João jogou futebol alguns anos na formação do GD A-dos-Francos

O fã de Froome «vestiu» toda a freguesia de rosa

Ana Patrícia percebe pouco de ciclismo. Sabe aquilo que foi aprendendo com o filho. Sabe, por exemplo, que Chris Froome é o grande ídolo de João Almeida. João foi, de resto, beber ao tetra vencedor do Tour a inteligência a correr.

«Não sei se é por eu ser mãe, mas quando o vejo correr, sinto-o sempre muito sereno no meio dos outros ciclistas. No Giro está à frente já há cinco dias, entusiasmado e feliz, mas não extravasa nada. Gere bem a parte emocional, tem uma grande equipa e diz-nos que se perder a camisola rosa pode recuperá-la no dia a seguir.»

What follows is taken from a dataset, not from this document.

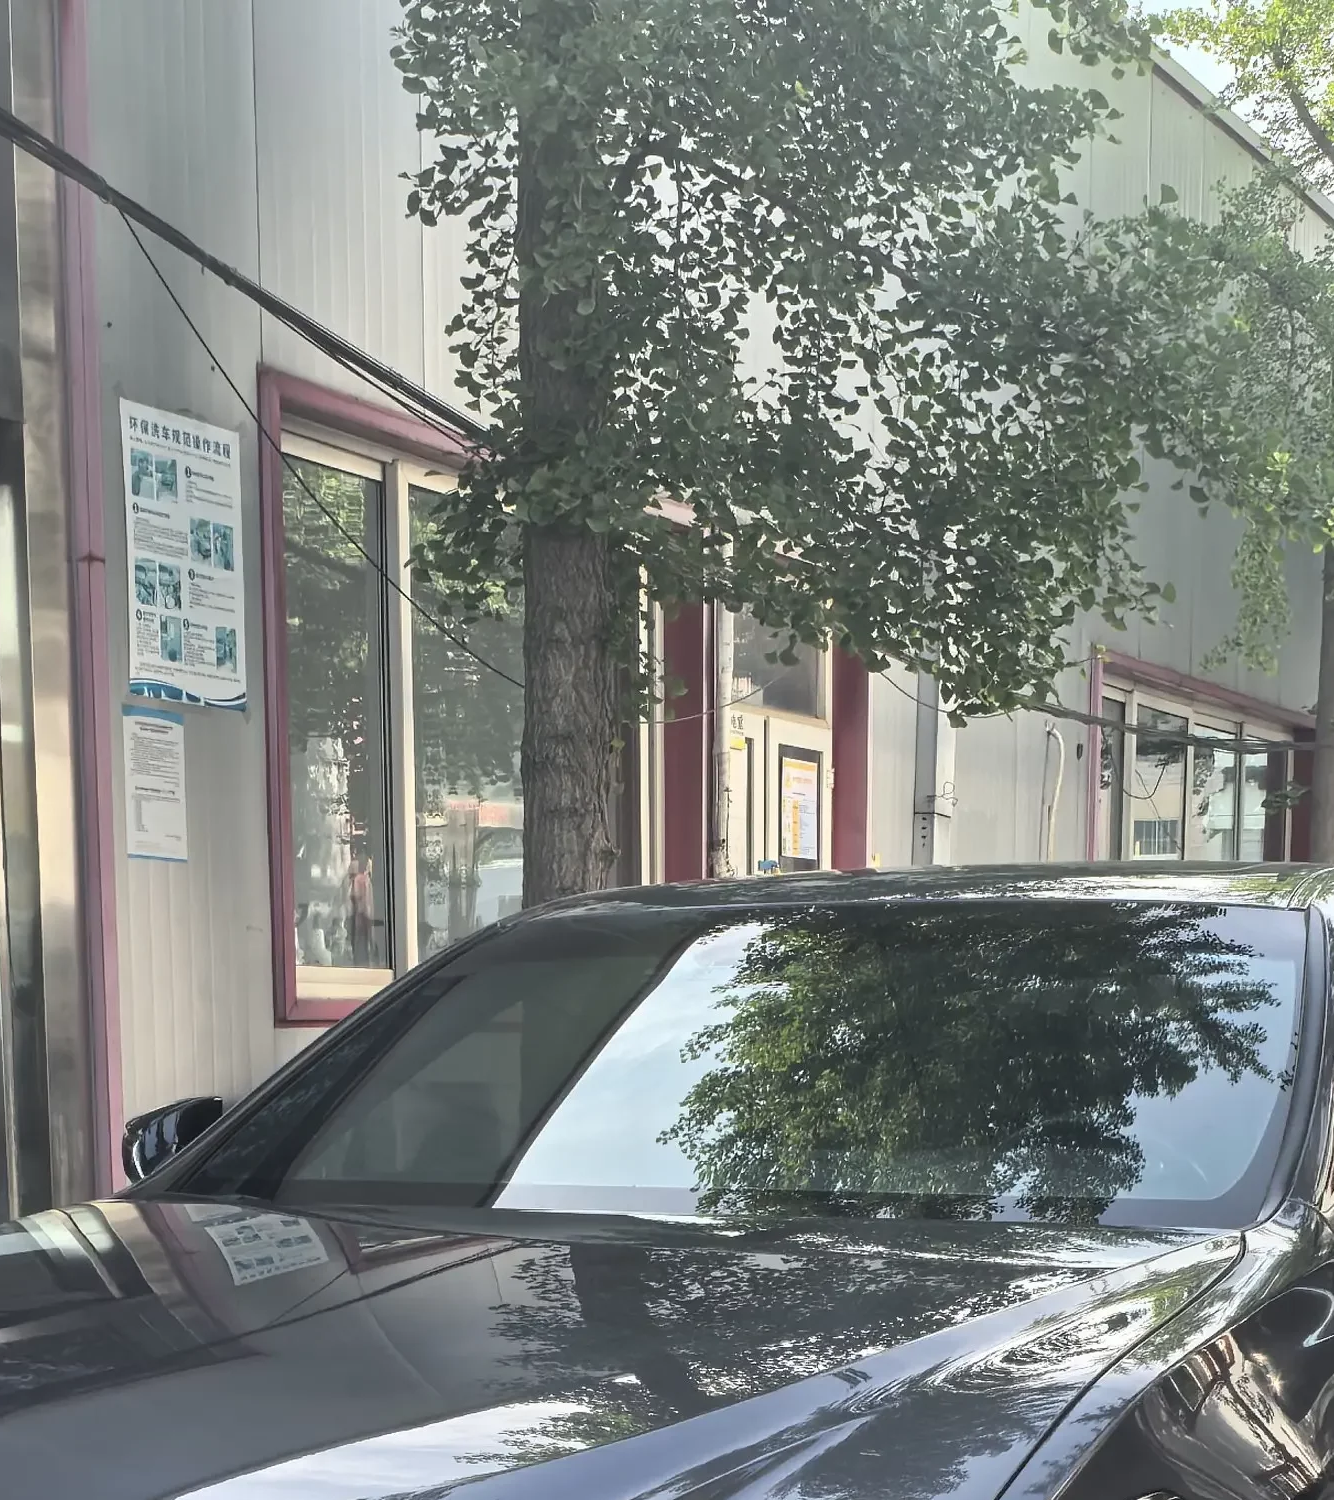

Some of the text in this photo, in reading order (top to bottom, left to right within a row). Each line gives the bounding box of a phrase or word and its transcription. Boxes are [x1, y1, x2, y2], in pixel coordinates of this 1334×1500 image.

[129, 415, 231, 460] 环保洗车规范操作流程

João Almeida tornou-se, com o passar dos quilómetros no pelotão internacional, a ser um expert da dor, do esgotamento, do limite. É sobretudo por isso que a família chora ao vê-lo de rosa nas estradas transalpinas. E é por isso que enche o peito de amor ao saber que o filho, a 3000 quilómetros de distância, veste toda a freguesia de A-dos-Francos de cor-de-rosa.

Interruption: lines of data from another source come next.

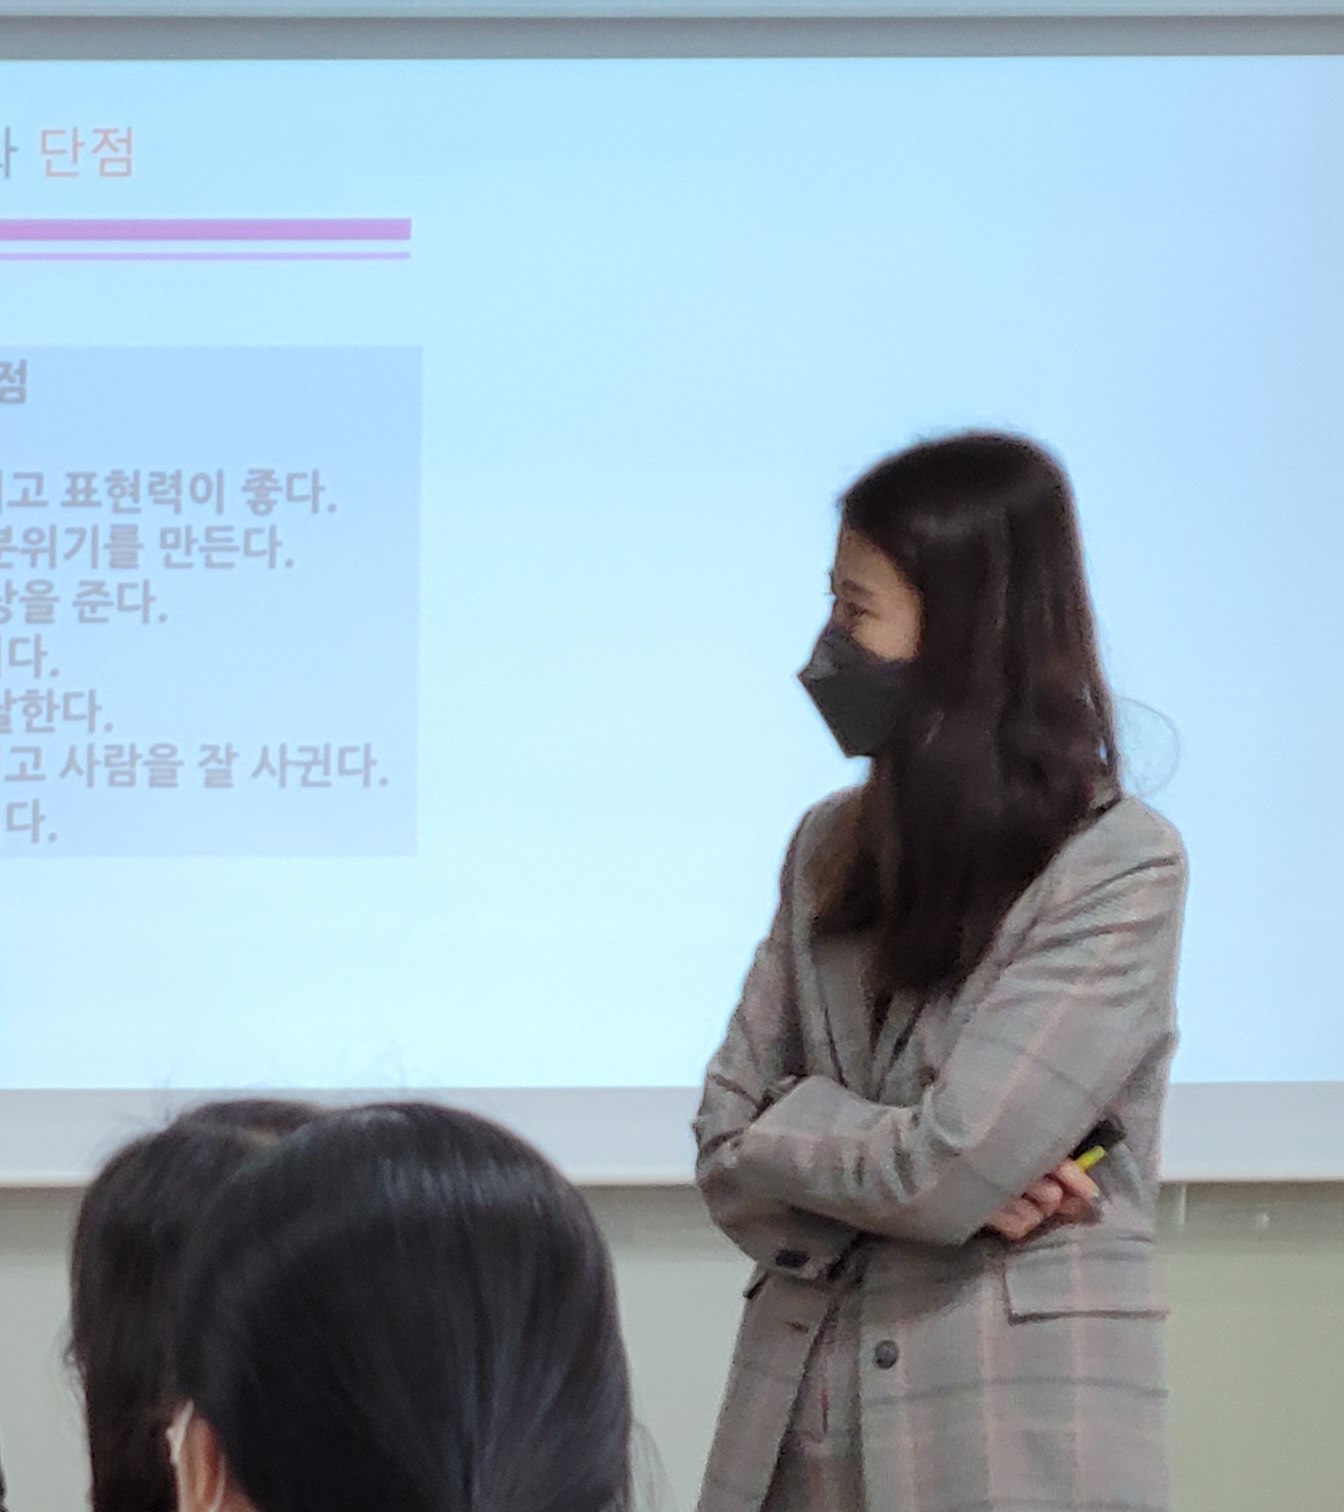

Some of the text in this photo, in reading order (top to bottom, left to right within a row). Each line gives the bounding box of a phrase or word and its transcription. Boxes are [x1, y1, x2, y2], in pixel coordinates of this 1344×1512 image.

[39, 126, 134, 178] 단점
[61, 469, 226, 514] 표현력이
[241, 469, 338, 514] 좋다.
[160, 524, 296, 570] 만든다.
[73, 579, 169, 625] 준다.
[60, 743, 184, 790] 사람을
[198, 743, 238, 788] 잘
[252, 743, 389, 789] 사귄다.

João com a maior fã ao colo, a irmã Matilde

Ana Patrícia explica. «A ideia nasceu de um senhor que eu não conheço, mas que é amigo de familiares nossos. Ele começou a andar vestido de rosa, pediu a toda a gente que o fizesse e achámos muita graça. Já há gente nas Caldas da Rainha a fazer o mesmo.»

«A minha filha também já vai para a escola de rosa, as amiguinhas andam de rosa e até eu e o pai vestimos uma peça rosa todos os dias. É uma forma de apoiar o João e de estar ainda mais perto dele.»

João Almeida anda à frente no Giro; A-dos-Francos veste-se todos os dias a pensar em João. Esta história está pintada de rosa do princípio ao fim.